Records for processing
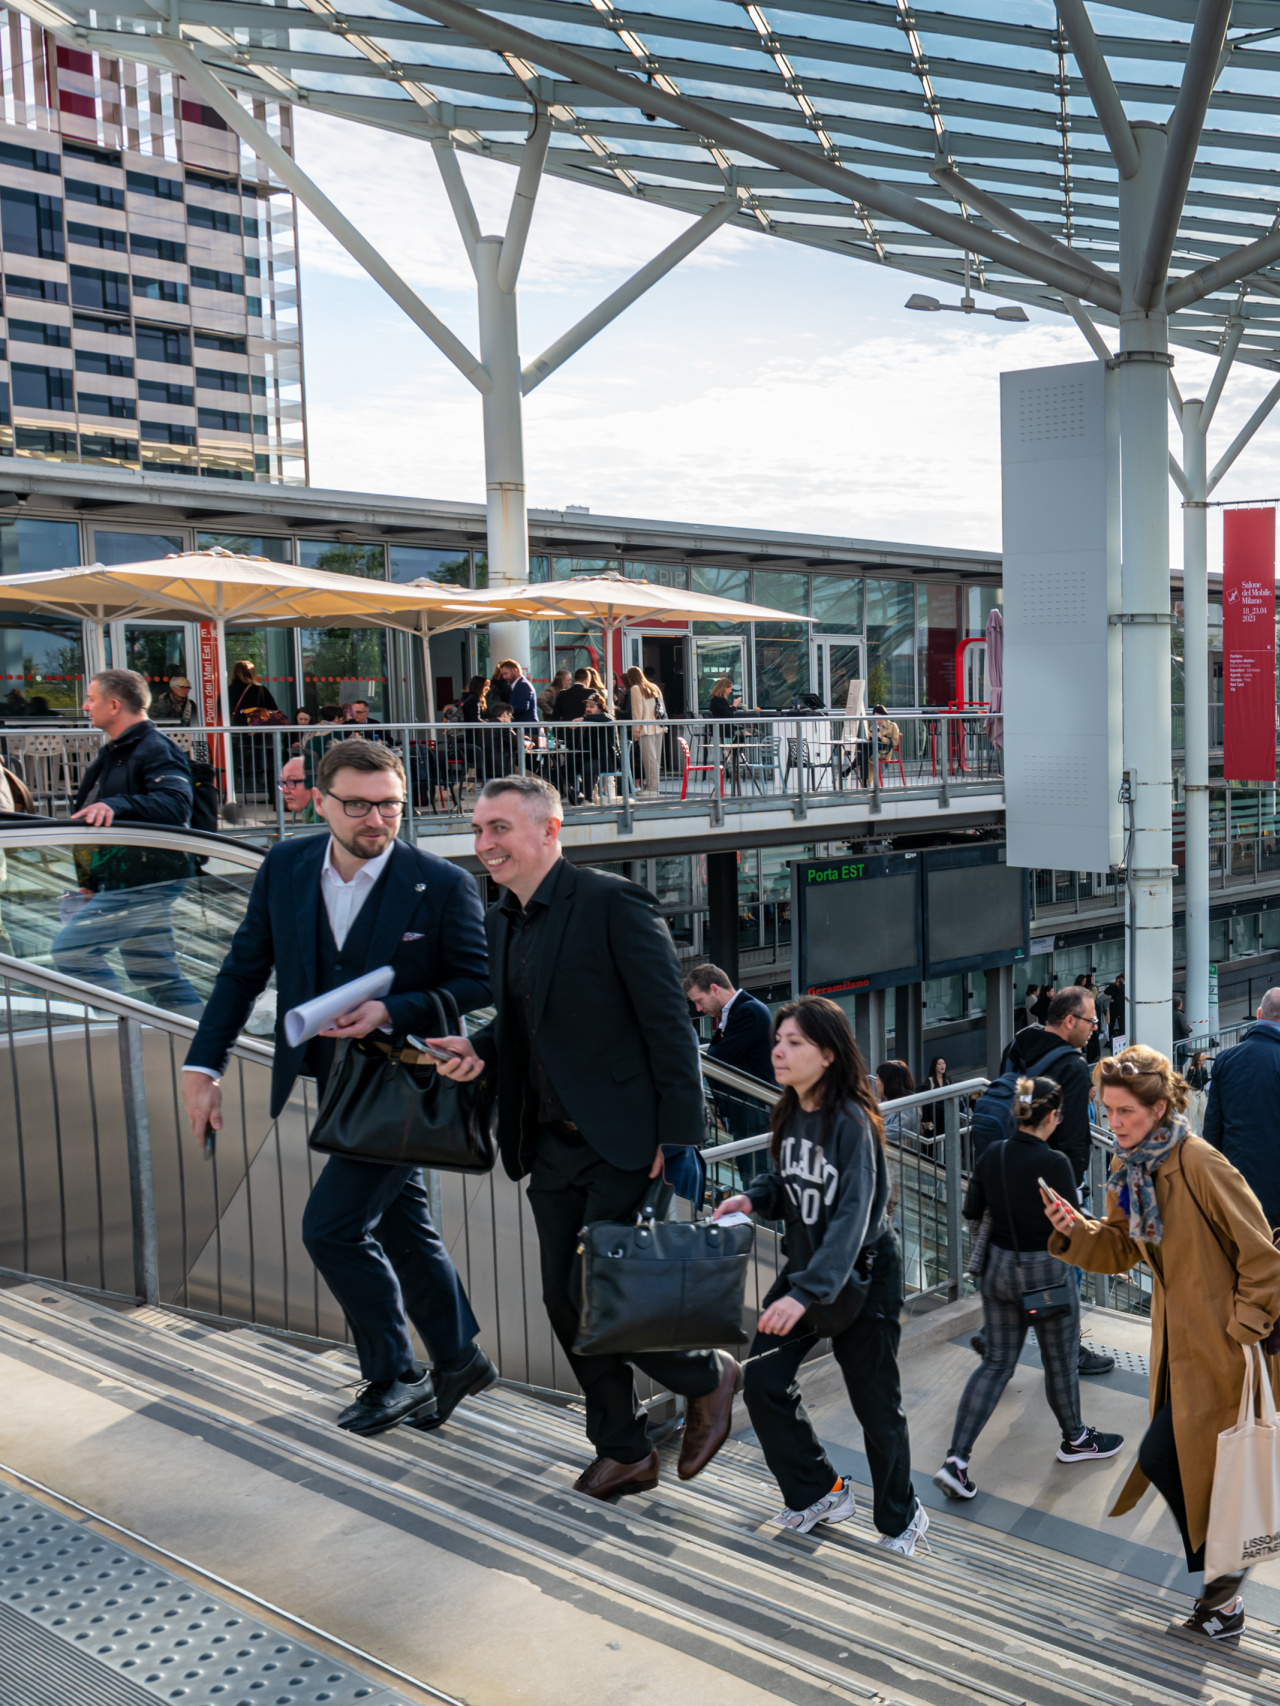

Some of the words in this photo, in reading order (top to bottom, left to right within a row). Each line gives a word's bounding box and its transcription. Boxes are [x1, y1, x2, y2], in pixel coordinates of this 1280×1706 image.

[1242, 580, 1262, 588] Salone
[1242, 588, 1252, 596] del
[1252, 588, 1272, 596] Mobile.
[1243, 607, 1267, 615] 18_23.04
[202, 645, 211, 659] Est
[204, 662, 212, 680] Mari
[206, 699, 215, 723] Ponte
[808, 868, 839, 883] Porta
[842, 864, 865, 879] EST
[807, 980, 870, 996] fieramilano
[1202, 1616, 1224, 1636] N

What this task involves
Each entry gets copied exactly; the pictures stay out.

Response
Some of the words in this photo, in reading order (top to bottom, left to right within a row). Each line gives a word's bounding box and its transcription. Boxes are [x1, y1, x2, y2], in pixel coordinates of this 1280×1706 image.

[1242, 580, 1262, 588] Salone
[1242, 588, 1252, 596] del
[1252, 588, 1272, 596] Mobile.
[1243, 607, 1267, 615] 18_23.04
[202, 645, 211, 659] Est
[204, 662, 212, 680] Mari
[206, 699, 215, 723] Ponte
[808, 868, 839, 883] Porta
[842, 864, 865, 879] EST
[807, 980, 870, 996] fieramilano
[1202, 1616, 1224, 1636] N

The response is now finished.